Exercise aim
Each entry below is to be reproduced exactly, though any pictures it holds must be omitted.

Dataset entries:
►

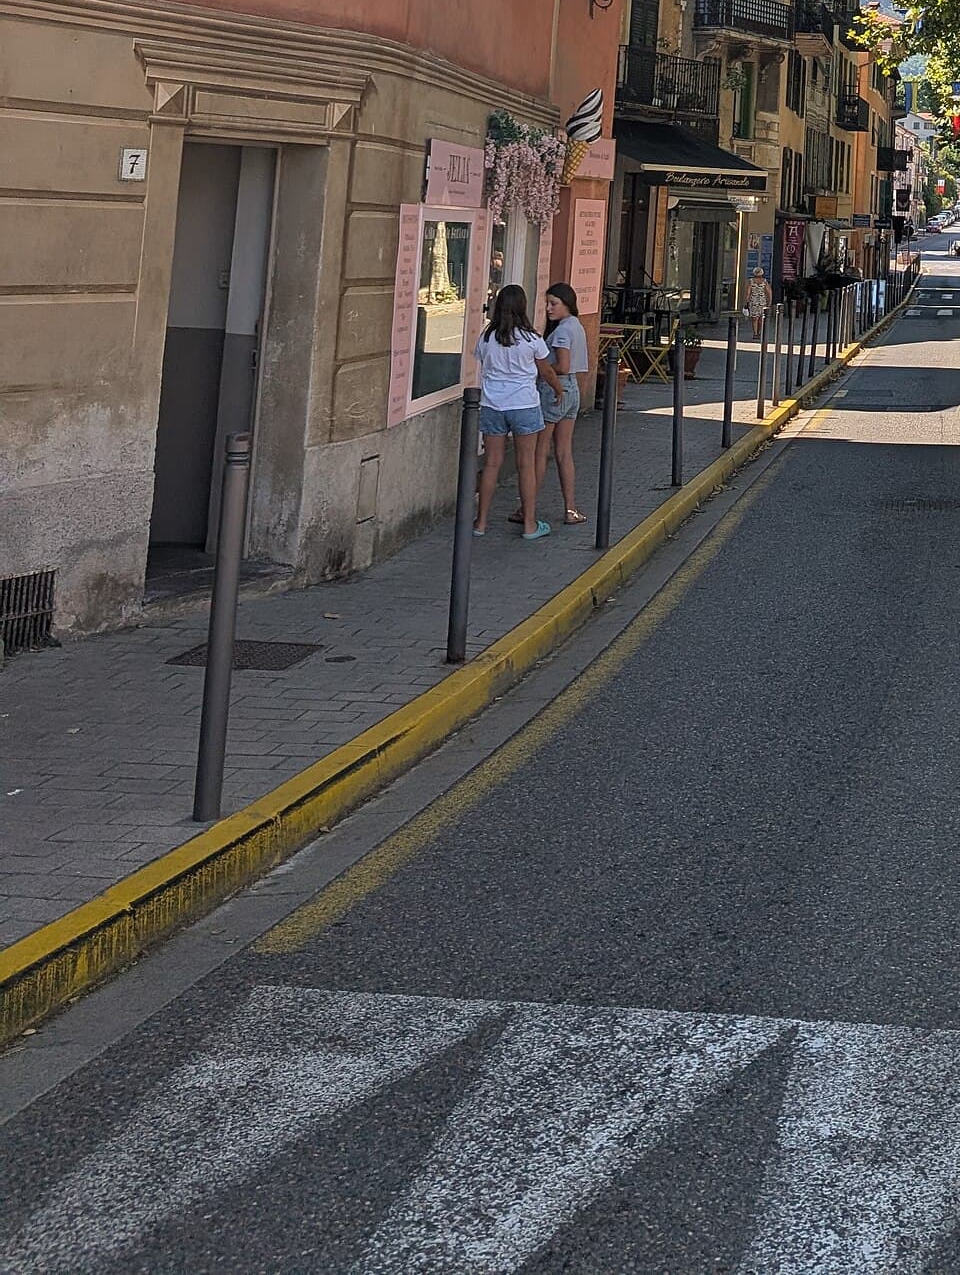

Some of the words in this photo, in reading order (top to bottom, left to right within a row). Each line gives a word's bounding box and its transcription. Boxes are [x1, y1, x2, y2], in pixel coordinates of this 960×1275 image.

[128, 154, 141, 175] 7
[665, 172, 711, 187] Boulangerie
[712, 174, 750, 188] Artisanale
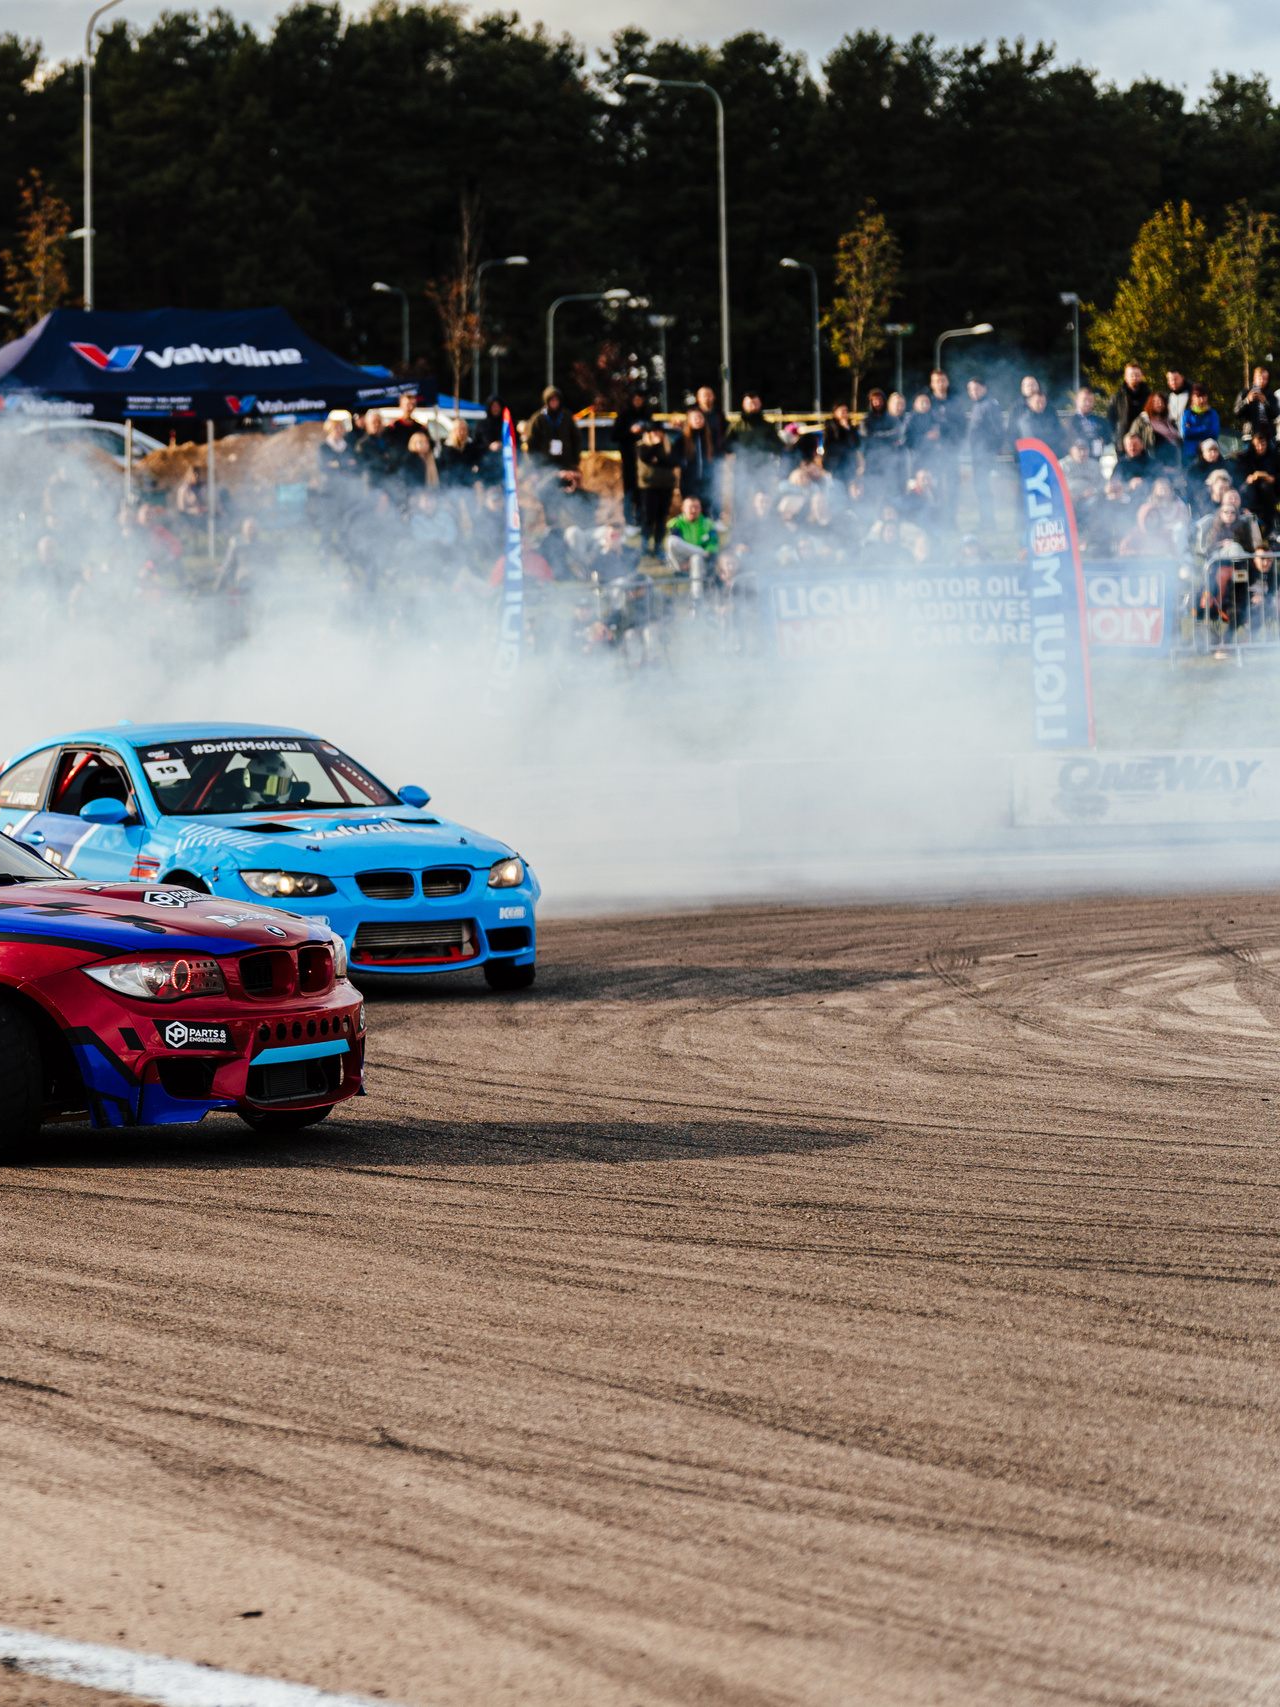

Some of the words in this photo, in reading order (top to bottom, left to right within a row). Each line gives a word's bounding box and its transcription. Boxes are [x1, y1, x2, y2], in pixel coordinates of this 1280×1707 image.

[145, 344, 302, 369] Valvoline
[778, 583, 880, 618] LIQUI
[896, 577, 981, 600] MOTOR
[986, 576, 1028, 598] OIL
[1088, 576, 1159, 606] QUI
[907, 599, 1031, 622] ADDITIVES
[783, 618, 884, 655] MOLY
[912, 624, 962, 646] CAR
[967, 621, 1031, 645] CARE
[1089, 608, 1162, 643] OLY
[156, 765, 179, 775] 19
[189, 1028, 218, 1038] PARTS
[219, 1029, 227, 1038] &
[189, 1036, 227, 1044] ENGINEERING
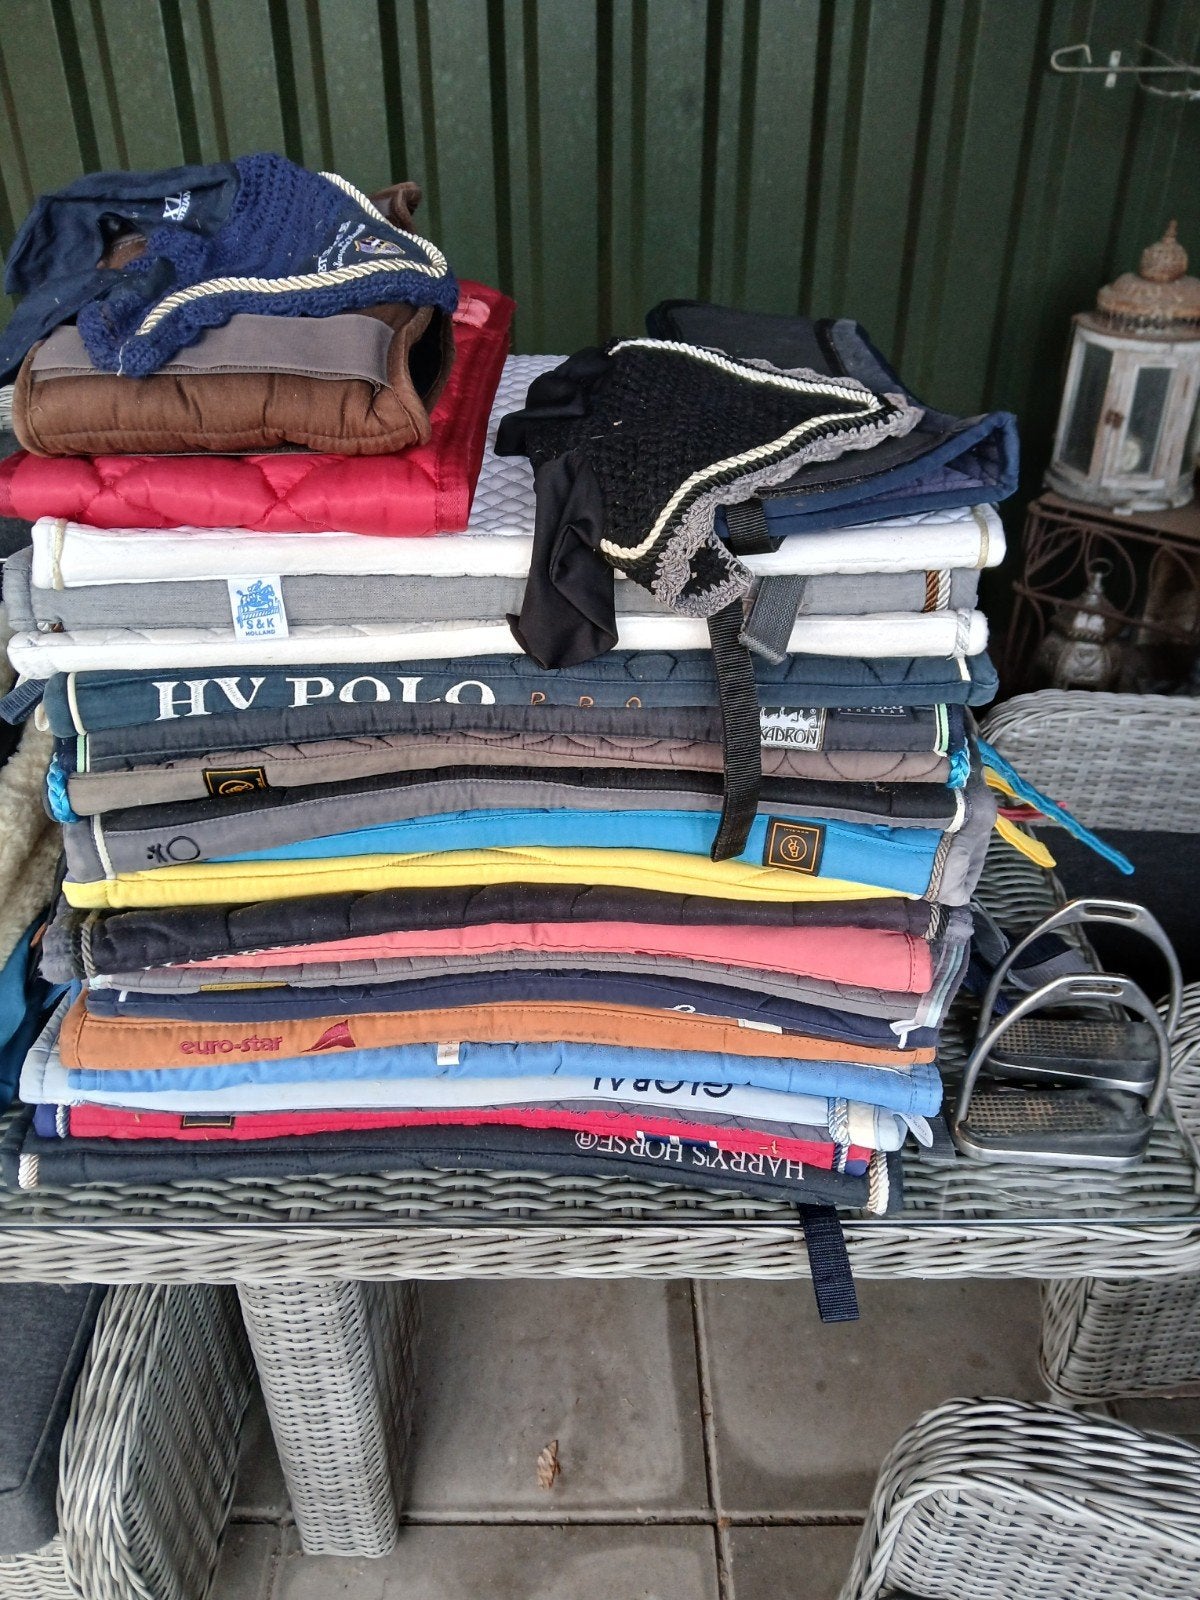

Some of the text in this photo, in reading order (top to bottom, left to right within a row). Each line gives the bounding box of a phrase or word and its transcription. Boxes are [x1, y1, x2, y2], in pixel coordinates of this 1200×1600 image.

[246, 618, 275, 629] S & K
[152, 676, 266, 721] HV
[285, 676, 495, 707] POLO
[760, 726, 817, 745] KADRON
[180, 1035, 283, 1055] euro-star
[692, 1147, 804, 1181] HARRY'S
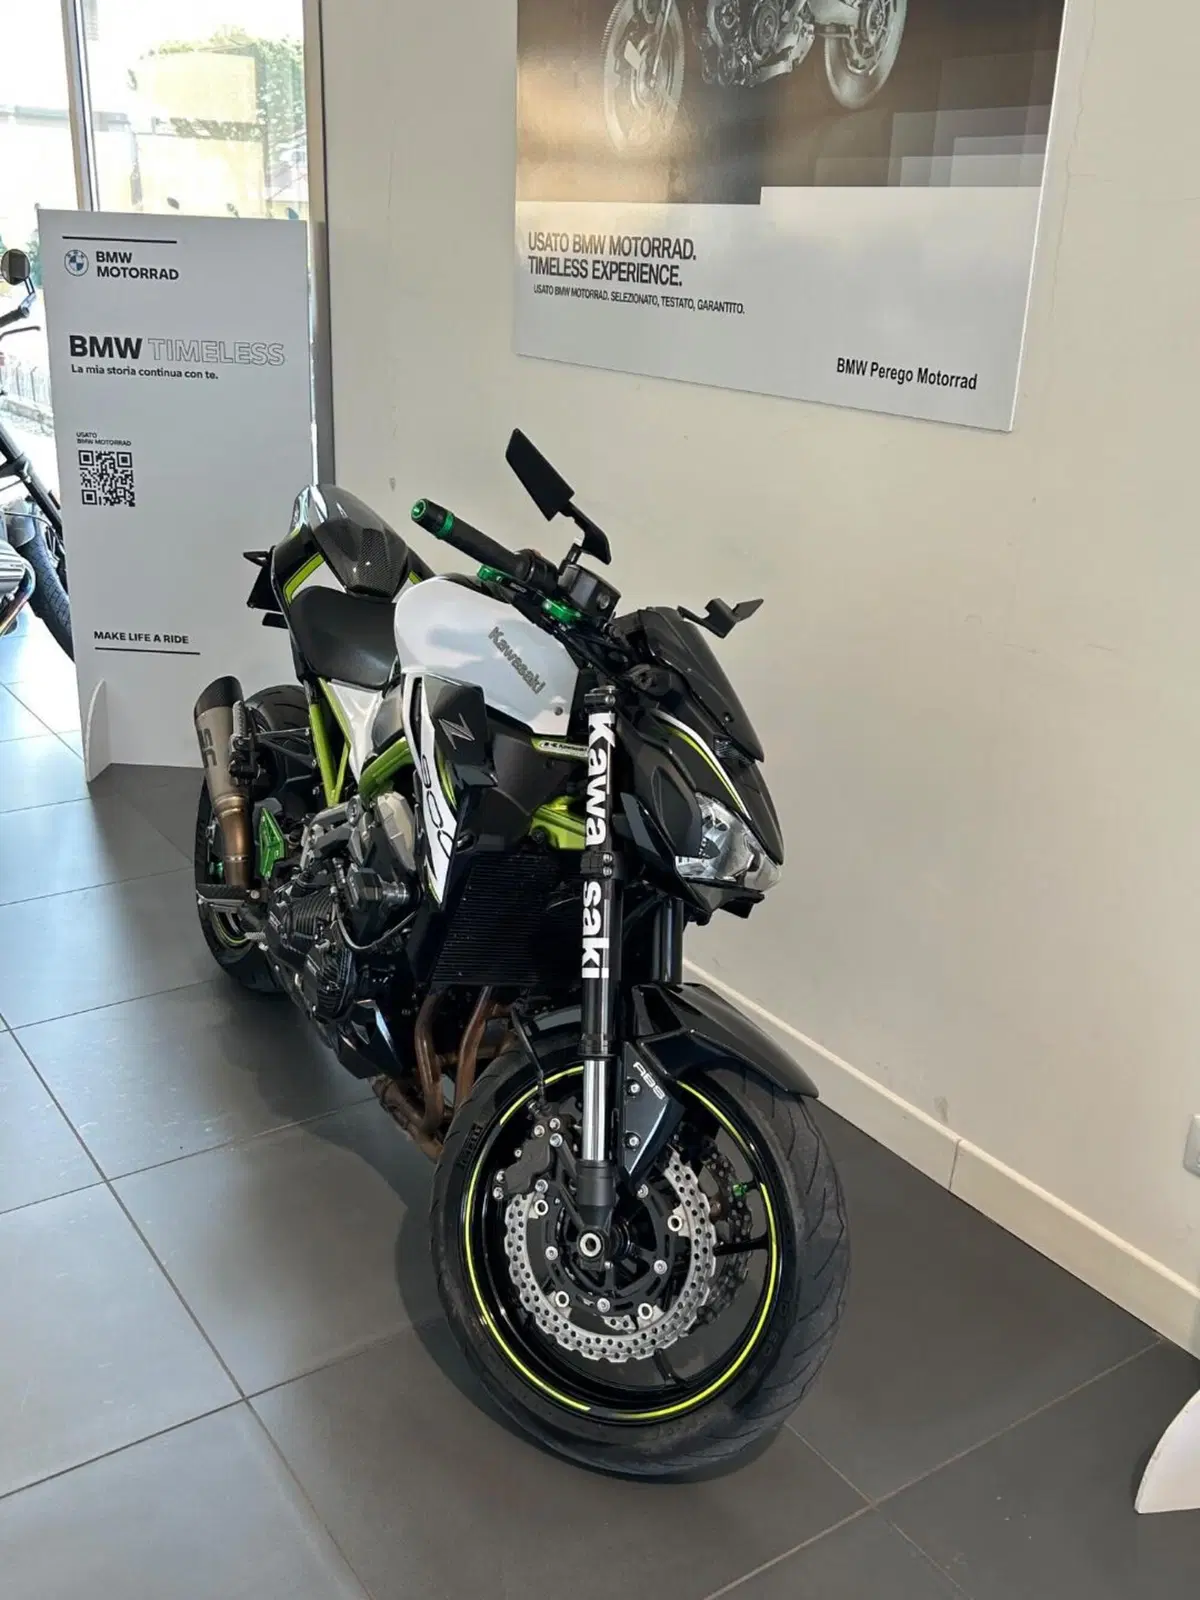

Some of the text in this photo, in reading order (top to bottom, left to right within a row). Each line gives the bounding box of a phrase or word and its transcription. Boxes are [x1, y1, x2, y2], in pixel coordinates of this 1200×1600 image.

◄

Written solution
Some of the words in this photo, in reading order (top to bottom, left to right within a row). Each line gives a word's bounding box and its transcription. Boxes are [x1, y1, x2, y2], in pixel coordinates of this 960×1275 image.

[128, 154, 141, 175] 7
[665, 172, 711, 187] Boulangerie
[712, 174, 750, 188] Artisanale

Some of the words in this photo, in reading order (top to bottom, left to right within a row). Each line gives a word's bounding box and its transcription. Boxes are [x1, y1, x2, y2], in pixel coordinates of this 1280×1707 image.

[145, 344, 302, 369] Valvoline
[778, 583, 880, 618] LIQUI
[896, 577, 981, 600] MOTOR
[986, 576, 1028, 598] OIL
[1088, 576, 1159, 606] QUI
[907, 599, 1031, 622] ADDITIVES
[783, 618, 884, 655] MOLY
[912, 624, 962, 646] CAR
[967, 621, 1031, 645] CARE
[1089, 608, 1162, 643] OLY
[156, 765, 179, 775] 19
[189, 1028, 218, 1038] PARTS
[219, 1029, 227, 1038] &
[189, 1036, 227, 1044] ENGINEERING

Some of the text in this photo, in reading order (top to bottom, left to right within a row). Each line gives the bounding box of a phrase or word and its transcription. Boxes are [x1, y1, x2, y2], in pixel coordinates of this 1200×1600 image.

[246, 618, 275, 629] S & K
[152, 676, 266, 721] HV
[285, 676, 495, 707] POLO
[760, 726, 817, 745] KADRON
[180, 1035, 283, 1055] euro-star
[692, 1147, 804, 1181] HARRY'S

Some of the text in this photo, in reading order (top to bottom, left to right within a row). Each line gives the bounding box of a phrase or word and its transcription. Boxes are [x1, y1, x2, y2], in pixel coordinates of this 1200×1600 image.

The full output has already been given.